Le cancer du poumon est le cancer le plus mortel dans le monde, avec 1,8 million de décès en 2020, représentant 18 % des décès liés au cancer. Le type de cancer du poumon le plus courant, appelé carcinome bronchique non à petites cellules (CBNPC), présente souvent des mutations dans le gène EGFR, qui peuvent être traitées avec des inhibiteurs de tyrosine kinase (ITK). Malheureusement, on observe une résistance systématique à ces TKI après 9 à 12 mois de traitement. Plusieurs mécanismes peuvent être à l’origine de cette résistance dans les cancers, dont la transition épithélio-mésenchymateuse (TEM). Lors de la TEM, les cellules acquièrent de nouvelles caractéristiques qui favorisent la résistance aux traitements dans le contexte des cancers. De fait, les signaux et effecteurs orchestrant la TEM dans les CBNPC sont encore mal connus. De récents travaux du laboratoire ont mis en évidence que l’expression du gène PRNP (codant pour la protéine prion cellulaire PrPC) était associée à celle de marqueurs de la TEM dans le sous-type mésenchymateux de cancers du côlon. La PrPC, dont la forme pathologique PrPscrapie est connue pour son implication dans des maladies neurodégénératives, a d’ailleurs émergé ces dernières années comme jouant un rôle dans la survenue de la TEM dans plusieurs types cellulaires. Malgré ces avancées, les interactions entre PrPC, TEM et résistance aux ITK restent mal comprises dans les cancers du poumon, raison pour laquelle l’équipe de recherche a entrepris ces travaux.

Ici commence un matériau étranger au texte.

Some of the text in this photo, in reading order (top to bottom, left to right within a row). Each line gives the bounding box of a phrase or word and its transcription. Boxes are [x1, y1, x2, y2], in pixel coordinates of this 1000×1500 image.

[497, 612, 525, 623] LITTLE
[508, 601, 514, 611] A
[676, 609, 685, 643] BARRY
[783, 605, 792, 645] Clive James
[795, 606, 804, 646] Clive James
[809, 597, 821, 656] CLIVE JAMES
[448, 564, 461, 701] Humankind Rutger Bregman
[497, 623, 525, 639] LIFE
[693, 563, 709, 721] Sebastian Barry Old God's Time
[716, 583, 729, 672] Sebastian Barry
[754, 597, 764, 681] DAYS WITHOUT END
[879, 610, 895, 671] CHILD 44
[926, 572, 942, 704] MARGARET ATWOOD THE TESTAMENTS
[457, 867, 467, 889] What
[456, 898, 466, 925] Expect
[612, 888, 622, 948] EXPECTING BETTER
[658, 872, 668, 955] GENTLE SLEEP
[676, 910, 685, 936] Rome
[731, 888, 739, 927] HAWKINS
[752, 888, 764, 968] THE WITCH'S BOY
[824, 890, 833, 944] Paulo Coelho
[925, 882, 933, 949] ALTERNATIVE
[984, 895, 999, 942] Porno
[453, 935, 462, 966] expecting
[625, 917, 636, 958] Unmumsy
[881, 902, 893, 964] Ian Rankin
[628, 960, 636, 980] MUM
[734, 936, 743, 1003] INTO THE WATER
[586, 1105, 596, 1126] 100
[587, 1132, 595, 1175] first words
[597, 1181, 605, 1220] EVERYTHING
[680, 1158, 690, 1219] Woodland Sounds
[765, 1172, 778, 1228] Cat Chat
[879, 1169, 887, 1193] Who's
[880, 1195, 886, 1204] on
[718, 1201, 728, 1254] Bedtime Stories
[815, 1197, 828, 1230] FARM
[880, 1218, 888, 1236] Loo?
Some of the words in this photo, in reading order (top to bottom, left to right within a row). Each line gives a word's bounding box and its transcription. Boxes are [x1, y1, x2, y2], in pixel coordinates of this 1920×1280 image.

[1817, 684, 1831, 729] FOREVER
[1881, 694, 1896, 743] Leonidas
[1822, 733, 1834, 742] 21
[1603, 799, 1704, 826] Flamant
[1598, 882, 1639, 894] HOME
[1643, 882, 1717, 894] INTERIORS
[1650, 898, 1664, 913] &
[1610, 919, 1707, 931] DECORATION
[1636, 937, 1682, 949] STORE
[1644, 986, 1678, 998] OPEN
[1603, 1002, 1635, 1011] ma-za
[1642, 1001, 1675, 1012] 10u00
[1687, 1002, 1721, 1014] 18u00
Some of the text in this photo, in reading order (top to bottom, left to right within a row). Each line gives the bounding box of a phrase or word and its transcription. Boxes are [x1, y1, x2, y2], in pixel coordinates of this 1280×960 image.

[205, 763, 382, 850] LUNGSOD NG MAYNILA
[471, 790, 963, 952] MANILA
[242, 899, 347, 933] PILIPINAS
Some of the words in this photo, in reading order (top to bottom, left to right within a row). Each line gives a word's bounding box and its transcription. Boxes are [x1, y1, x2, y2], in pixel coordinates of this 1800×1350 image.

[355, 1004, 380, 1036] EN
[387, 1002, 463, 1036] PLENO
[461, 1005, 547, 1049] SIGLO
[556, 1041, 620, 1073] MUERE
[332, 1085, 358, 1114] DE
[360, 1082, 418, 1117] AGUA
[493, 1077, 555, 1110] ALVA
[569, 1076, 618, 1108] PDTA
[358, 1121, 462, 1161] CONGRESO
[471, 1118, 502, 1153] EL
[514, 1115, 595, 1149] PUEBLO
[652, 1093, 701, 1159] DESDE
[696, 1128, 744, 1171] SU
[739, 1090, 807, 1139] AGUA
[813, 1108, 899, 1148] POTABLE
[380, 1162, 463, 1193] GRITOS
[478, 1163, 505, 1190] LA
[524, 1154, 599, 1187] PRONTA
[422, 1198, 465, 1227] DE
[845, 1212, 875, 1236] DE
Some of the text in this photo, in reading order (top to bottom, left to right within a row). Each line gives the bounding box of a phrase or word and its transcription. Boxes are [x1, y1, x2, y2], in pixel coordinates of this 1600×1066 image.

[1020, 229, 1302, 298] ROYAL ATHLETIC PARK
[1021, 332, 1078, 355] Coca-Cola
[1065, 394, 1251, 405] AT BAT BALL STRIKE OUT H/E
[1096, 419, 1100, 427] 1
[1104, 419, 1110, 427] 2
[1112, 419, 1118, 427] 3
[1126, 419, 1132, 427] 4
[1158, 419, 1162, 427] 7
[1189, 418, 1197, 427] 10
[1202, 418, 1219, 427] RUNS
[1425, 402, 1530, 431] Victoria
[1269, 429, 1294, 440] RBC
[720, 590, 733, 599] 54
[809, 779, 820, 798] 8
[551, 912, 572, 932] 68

En travaillant sur plusieurs bases de données de patients et cellules publiques, sur des lignées cellulaires, et sur des échantillons de plasma de patients atteints de CBNPC EGFR muté, les auteurs ont pu mettre en évidence plusieurs résultats intéressants :
- L’expression de la PrPC corrèle avec la TEM dans les CBNPC
- La PrPC contrôle la TEM dans les lignées cellulaires
- Des interactions réciproques et fonctionnelles existent entre la PrPC et EGFR dans les CBNPC
- Le fait de bloquer l’expression de la PrPC dans les lignées cellulaires de CBNPC augmente leur sensibilité aux ITK
- Les patients atteints de CBNPC EGFR muté expriment plus la PrPC par rapport aux autres patients non porteurs d’altération d’EGFR
Cette étude suggère un rôle potentiel de la PrPC dans la résistance aux ITK des CBNPC EGFR muté, qui doit être validé à plus grande échelle. L’équipe a établi la preuve de concept du ciblage thérapeutique de la PrPC in vivo. Dans ce contexte, il sera intéressant de vérifier si son inhibition restaure la sensibilité aux ITK. Enfin, la PrPC plasmatique pourrait être un marqueur de progression chez les patients atteints de CBNPC EGFR muté ; cette possibilité devra être évaluée plus largement.